Brief >>
Give the records again exactly. Pictures do not belong in the copy.

Collected data
═══

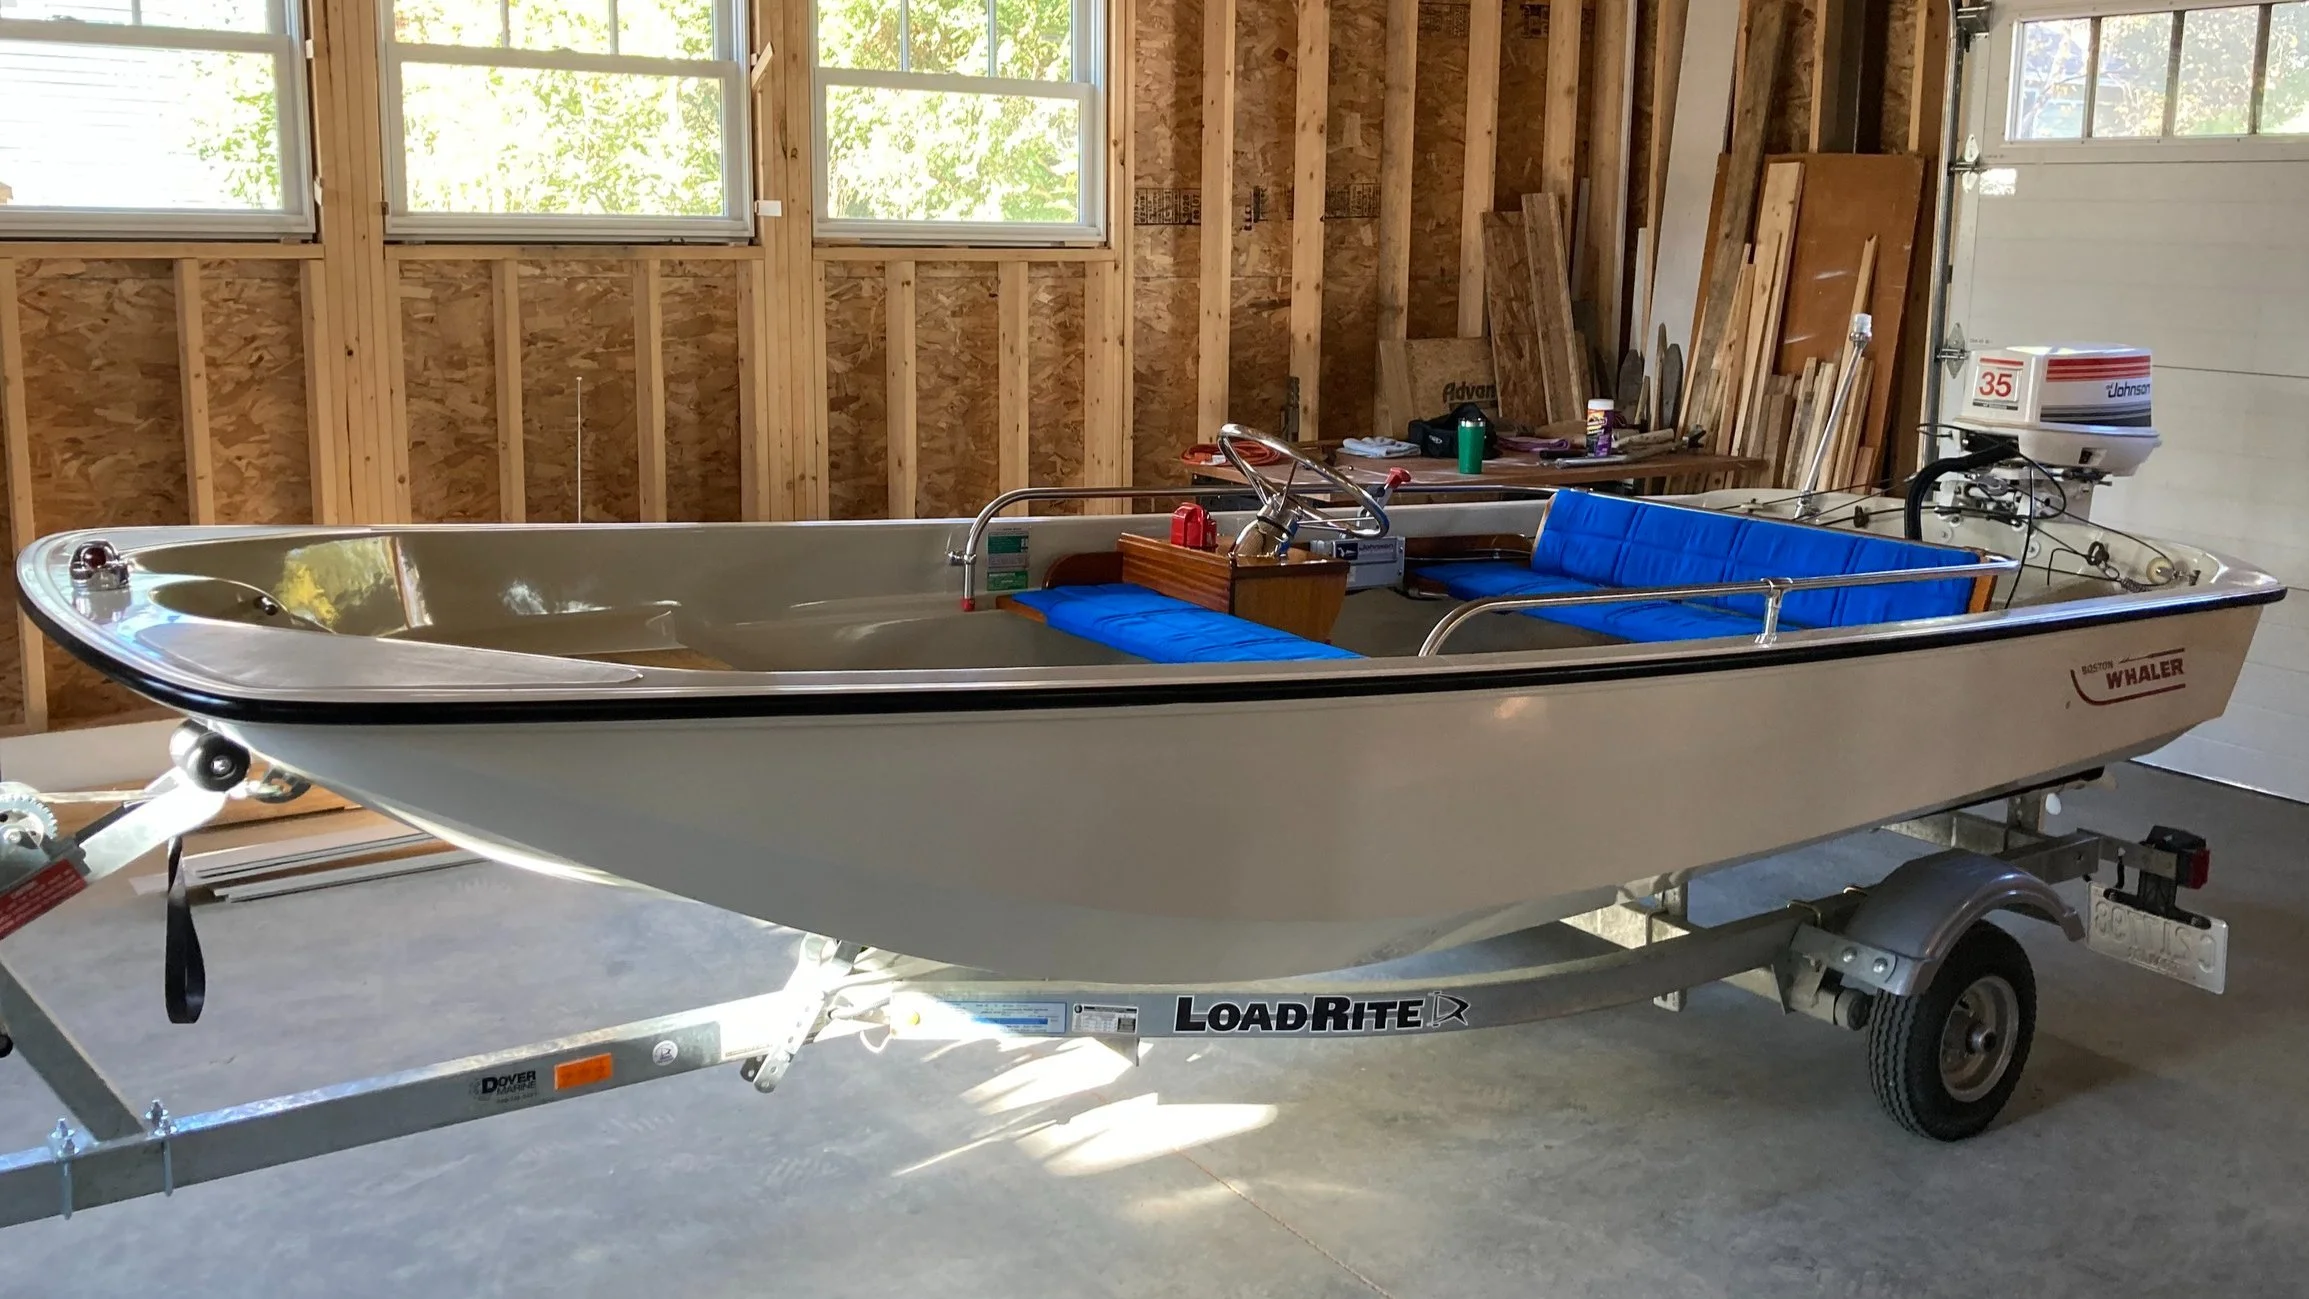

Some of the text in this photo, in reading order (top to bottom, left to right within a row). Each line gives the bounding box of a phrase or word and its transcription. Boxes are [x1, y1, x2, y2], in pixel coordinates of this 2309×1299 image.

[1979, 370, 2013, 398] 35
[2107, 381, 2151, 399] Johnson
[2081, 660, 2114, 675] BOSTON
[2106, 658, 2184, 690] WHALER
[482, 1070, 537, 1094] DOVER
[496, 1081, 537, 1095] MARINE
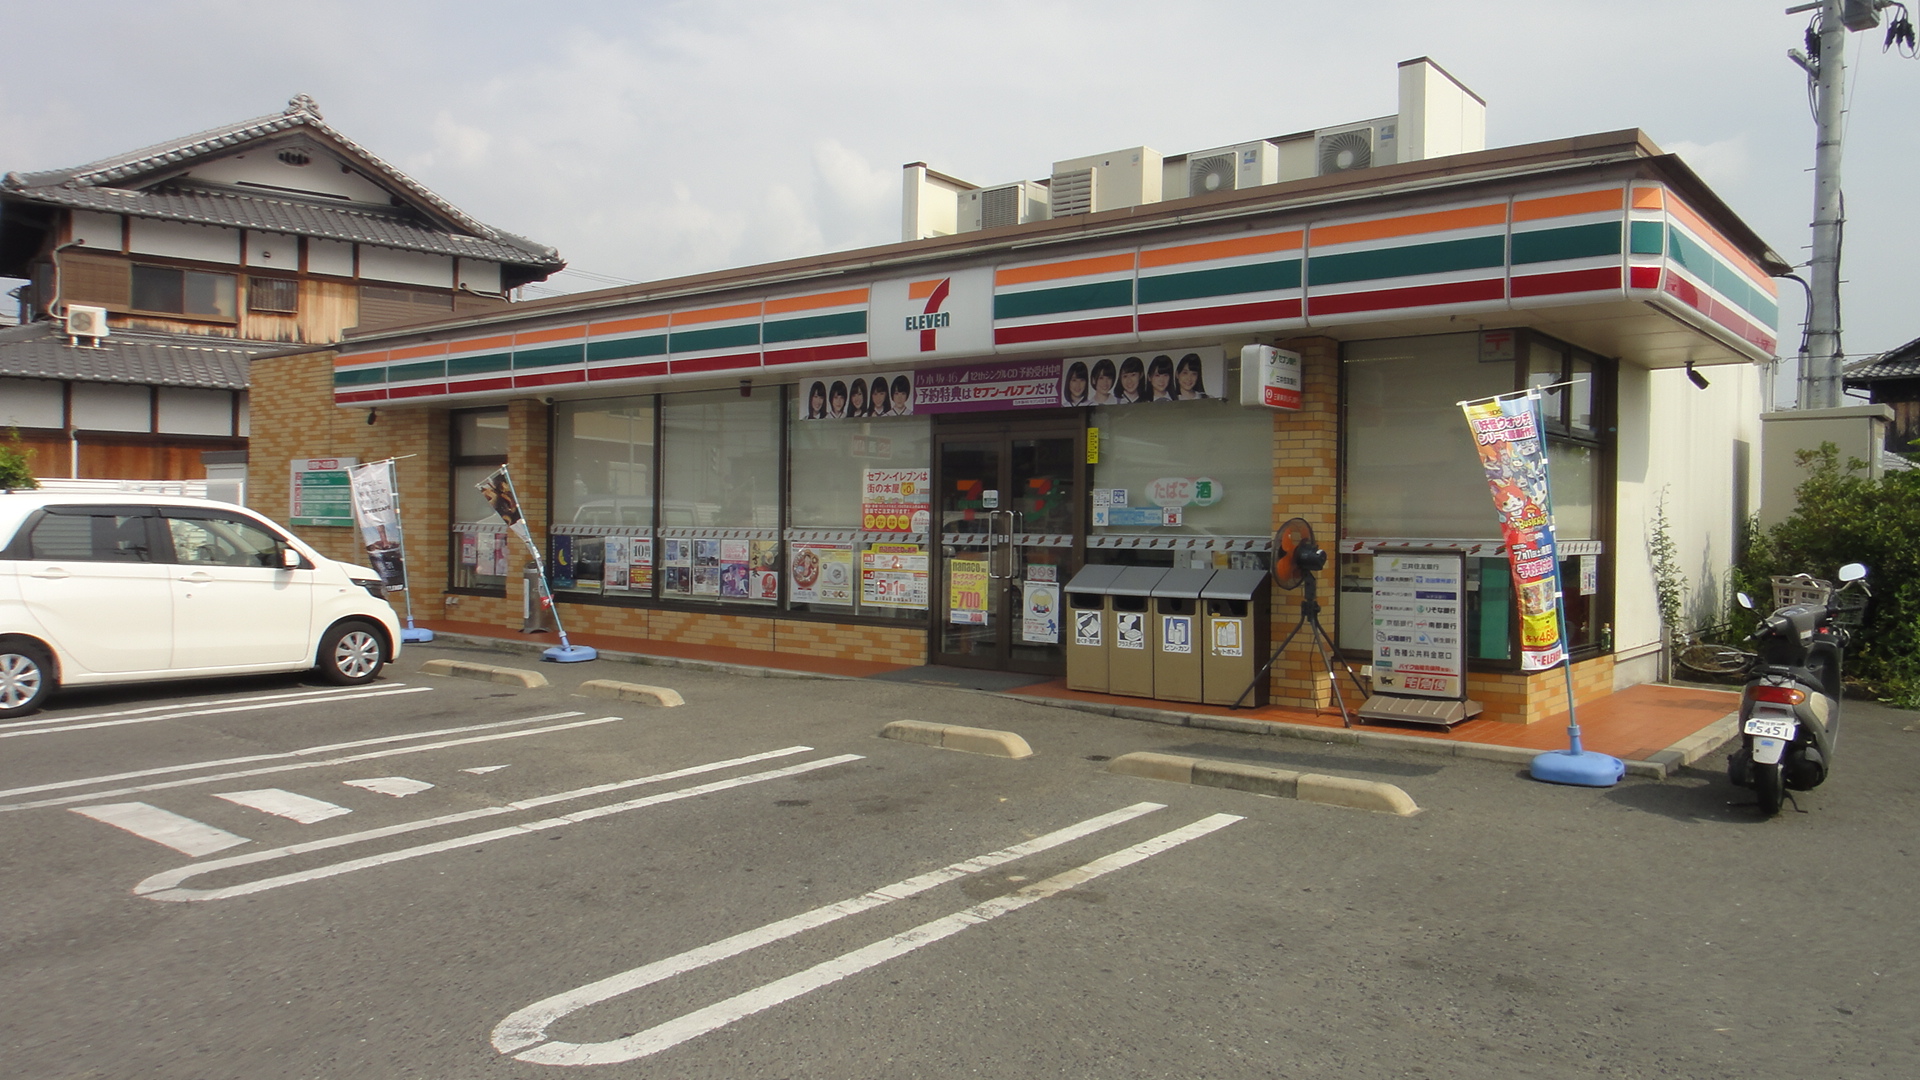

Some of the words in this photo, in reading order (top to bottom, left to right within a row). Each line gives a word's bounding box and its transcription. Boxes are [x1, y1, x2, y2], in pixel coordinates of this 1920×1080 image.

[1154, 481, 1189, 499] たばこ
[1195, 481, 1212, 499] 酒
[958, 591, 980, 609] 700
[1756, 725, 1789, 737] 5451

═══

Result of this exercise >>
Some of the text in this photo, in reading order (top to bottom, left to right within a row). Each line gives the bounding box of a phrase or word and its transcription. Boxes are [x1, y1, x2, y2], in pixel coordinates of this 2309×1299 image.

[1979, 370, 2013, 398] 35
[2107, 381, 2151, 399] Johnson
[2081, 660, 2114, 675] BOSTON
[2106, 658, 2184, 690] WHALER
[482, 1070, 537, 1094] DOVER
[496, 1081, 537, 1095] MARINE

Some of the words in this photo, in reading order (top to bottom, left to right within a row). Each line gives a word's bounding box and its transcription. Boxes are [x1, y1, x2, y2], in pixel coordinates of this 1920×1080 image.

[1154, 481, 1189, 499] たばこ
[1195, 481, 1212, 499] 酒
[958, 591, 980, 609] 700
[1756, 725, 1789, 737] 5451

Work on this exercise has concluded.